Try it »
Copy out each record that follows exactly, and omit any picture you find.

Phrase grounding data »
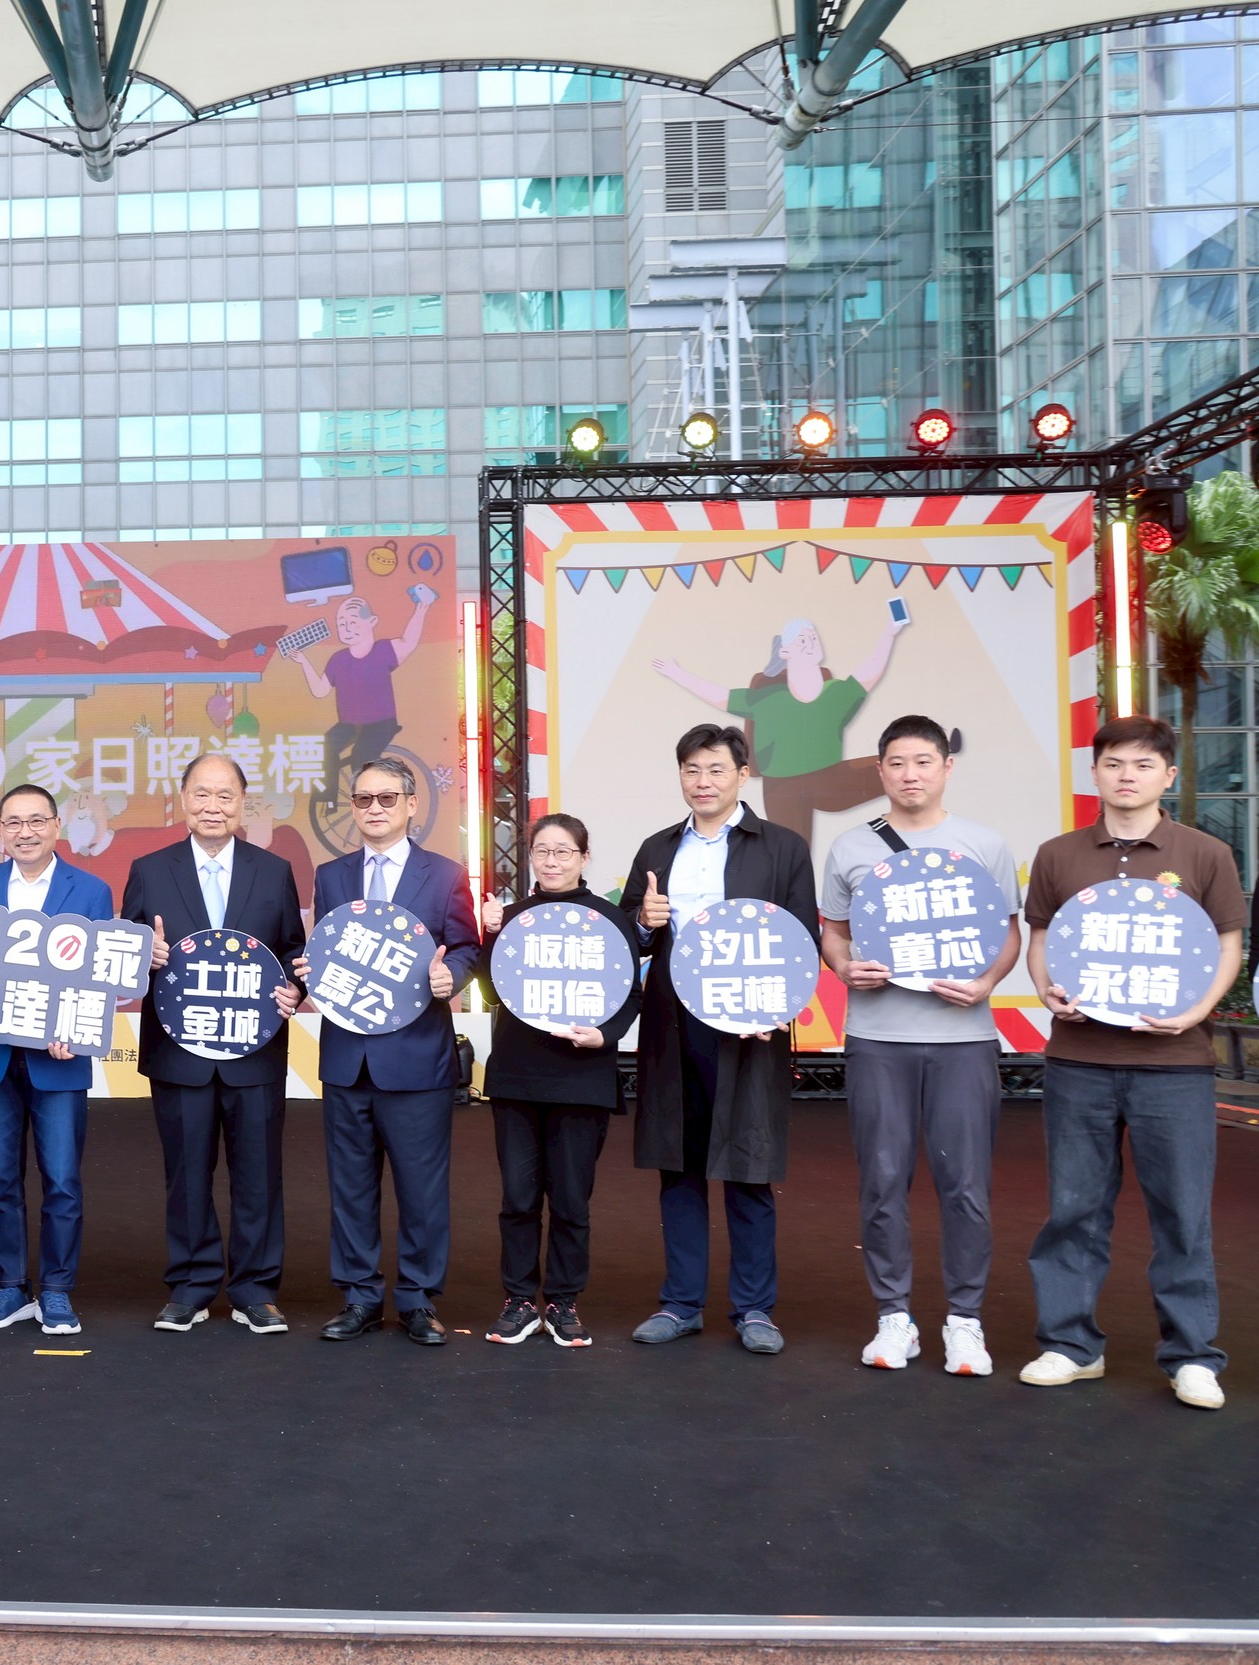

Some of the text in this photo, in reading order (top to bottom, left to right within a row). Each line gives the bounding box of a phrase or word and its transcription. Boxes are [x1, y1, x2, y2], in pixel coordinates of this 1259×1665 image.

[882, 875, 978, 923] 新莊
[334, 920, 418, 983] 新店
[523, 933, 606, 971] 板橋
[699, 927, 786, 967] 汐止
[889, 926, 986, 974] 童芯
[1079, 911, 1183, 956] 新莊
[183, 960, 262, 1000] 土城
[314, 961, 395, 1025] 馬公
[522, 978, 606, 1017] 明倫
[701, 975, 789, 1014] 民權
[1077, 962, 1180, 1007] 永錡
[181, 1005, 260, 1045] 金城

Completed task »
Some of the text in this photo, in reading order (top to bottom, left to right within a row). Each line gives the bounding box of a phrase or word and its transcription. Boxes are [x1, y1, x2, y2], in pixel coordinates of this 1259×1665 image.

[882, 875, 978, 923] 新莊
[334, 920, 418, 983] 新店
[523, 933, 606, 971] 板橋
[699, 927, 786, 967] 汐止
[889, 926, 986, 974] 童芯
[1079, 911, 1183, 956] 新莊
[183, 960, 262, 1000] 土城
[314, 961, 395, 1025] 馬公
[522, 978, 606, 1017] 明倫
[701, 975, 789, 1014] 民權
[1077, 962, 1180, 1007] 永錡
[181, 1005, 260, 1045] 金城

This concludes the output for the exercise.